本発明は自動車用薄肉軽量エンジンカバーに関する。
近年の自動車用エンジンには、一般に、シリンダヘッドカバー上部にエンジンカバーが設けられている。エンジンカバーの主な役割は、エンジンからの放射音を低減させることである。なお、エンジンカバーには、エンジンを視覚的に遮ってエンジンルーム内の意匠性を高めるという役割もある。
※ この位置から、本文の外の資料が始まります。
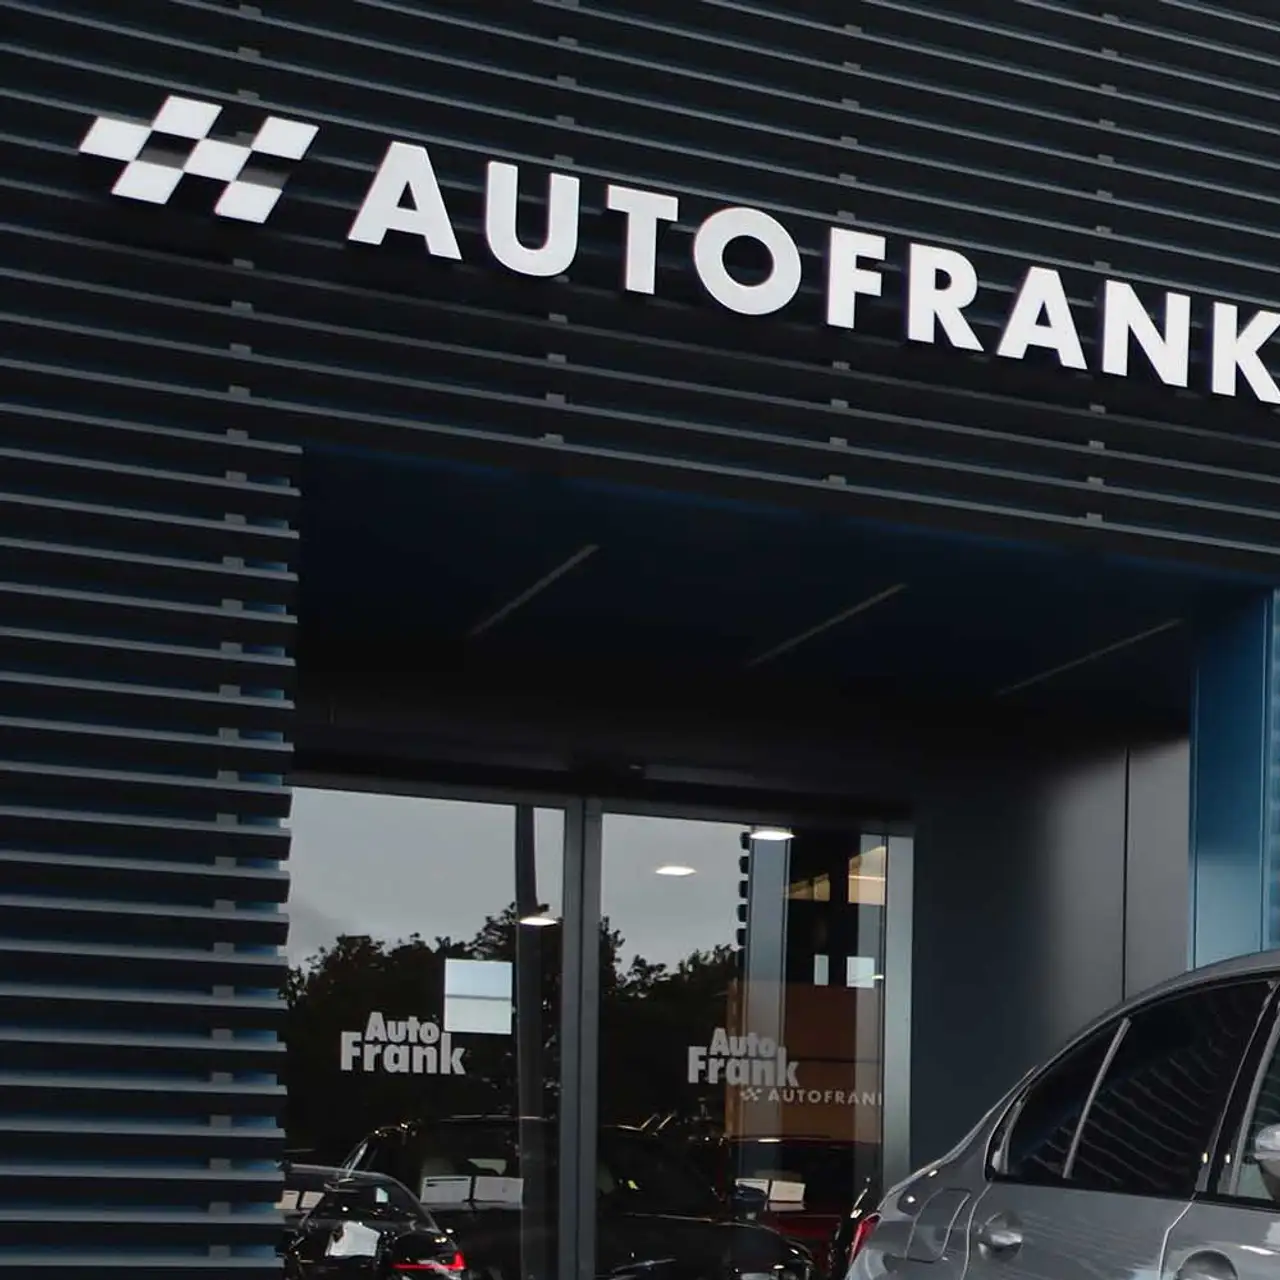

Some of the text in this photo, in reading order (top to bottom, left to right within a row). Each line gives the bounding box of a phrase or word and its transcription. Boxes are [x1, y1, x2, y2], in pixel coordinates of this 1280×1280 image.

[365, 1011, 440, 1044] Auto
[709, 1027, 778, 1057] Auto
[340, 1031, 466, 1075] Frank
[687, 1046, 800, 1087] Frank
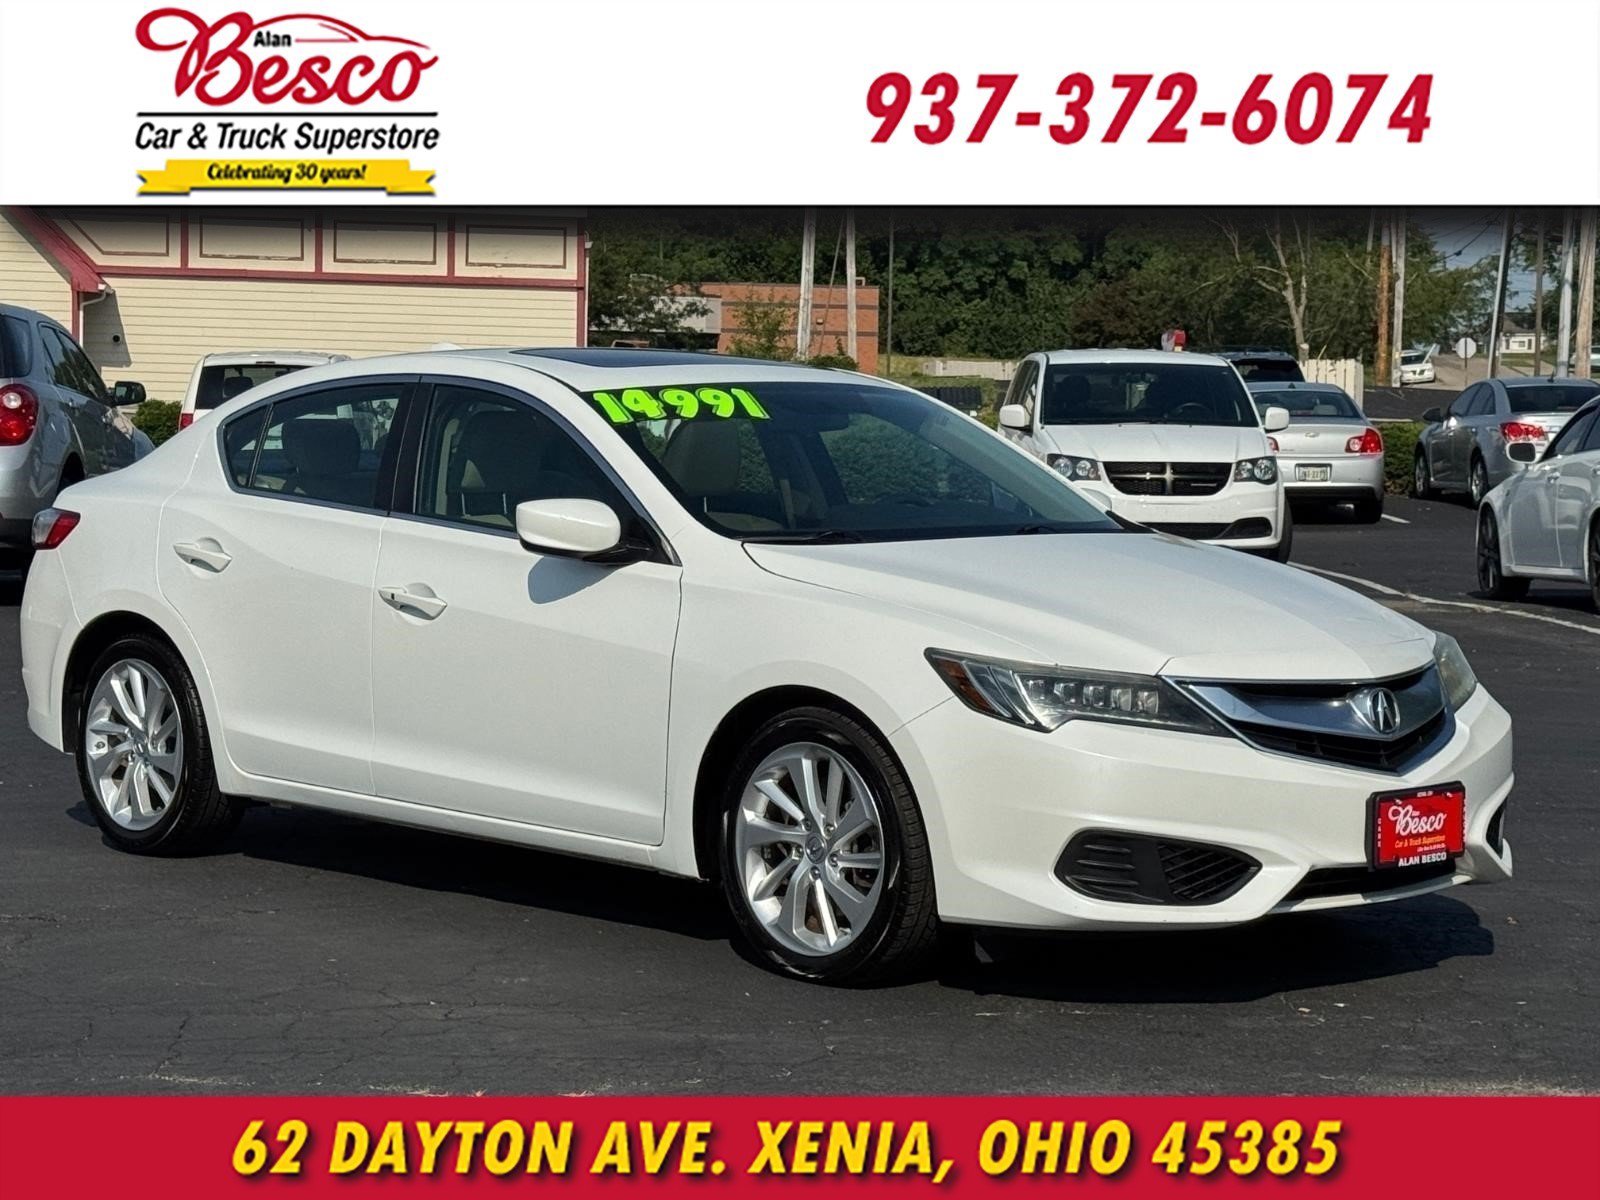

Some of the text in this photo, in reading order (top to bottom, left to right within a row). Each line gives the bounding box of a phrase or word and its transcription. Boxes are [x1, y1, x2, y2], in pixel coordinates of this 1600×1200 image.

[593, 387, 770, 424] 14991
[1388, 805, 1447, 836] Besco
[1398, 852, 1447, 867] ALAN BESCO
この放射音低減の役割を果たすエンジンカバーには、シリンダーヘッド上の雰囲気で使用可能な耐熱性、高振動に耐える剛性や機械的特性が求められる。このため、エンジンカバー用硬質樹脂として、従来、ガラス繊維や無機フィラーで強化されたポリアミド6やポリアミド66等のポリアミド樹脂が用いられていた。また、エンジンカバーの平均肉厚は2.5〜3.0mm程度と厚くされていた。
ところで、近年、自動車には環境適性が求められるようになってきている。このため、エンジン周辺部品としてのエンジンカバーにおいては、カバーとしての本来の機能を維持しつつ、環境適性を配慮して、リサイクル樹脂材料を使用するとともに軽量化することが急務となっている。エンジンカバーにおいて、リサイクル樹脂材料の使用や軽量化が図られれば、資源の有効活用や低燃費化が達成される。
軽量化を図ったエンジンカバーとしては、ポリアミド樹脂に2質量%程度の膨潤性層状珪酸塩の珪酸塩層を分子レベルで分散させてなる低充填強化ポリアミド複合材料を用いたものが知られている(例えば、特許文献1、2参照)。
しかし、このポリアミド複合材料では、通常使用下のみならず、特に低温での耐衝撃性が不足している。また、この複合材料はポリアミドを主成分とする低充填強化ポリアミドである。このため、このポリアミド複合材料では、ポリアミド特有の高吸湿性が発現されてしまい、飽和吸水率が高くなる。その結果、エンジンルーム内での実使用環境下において、この材料は高吸水状態となる。そのため、このポリアミド複合材料よりなるエンジンカバーでは、機械的強度や弾性率が大幅に低下して、本来カバーに求められる剛性が不足し、機能面で問題となることが多い。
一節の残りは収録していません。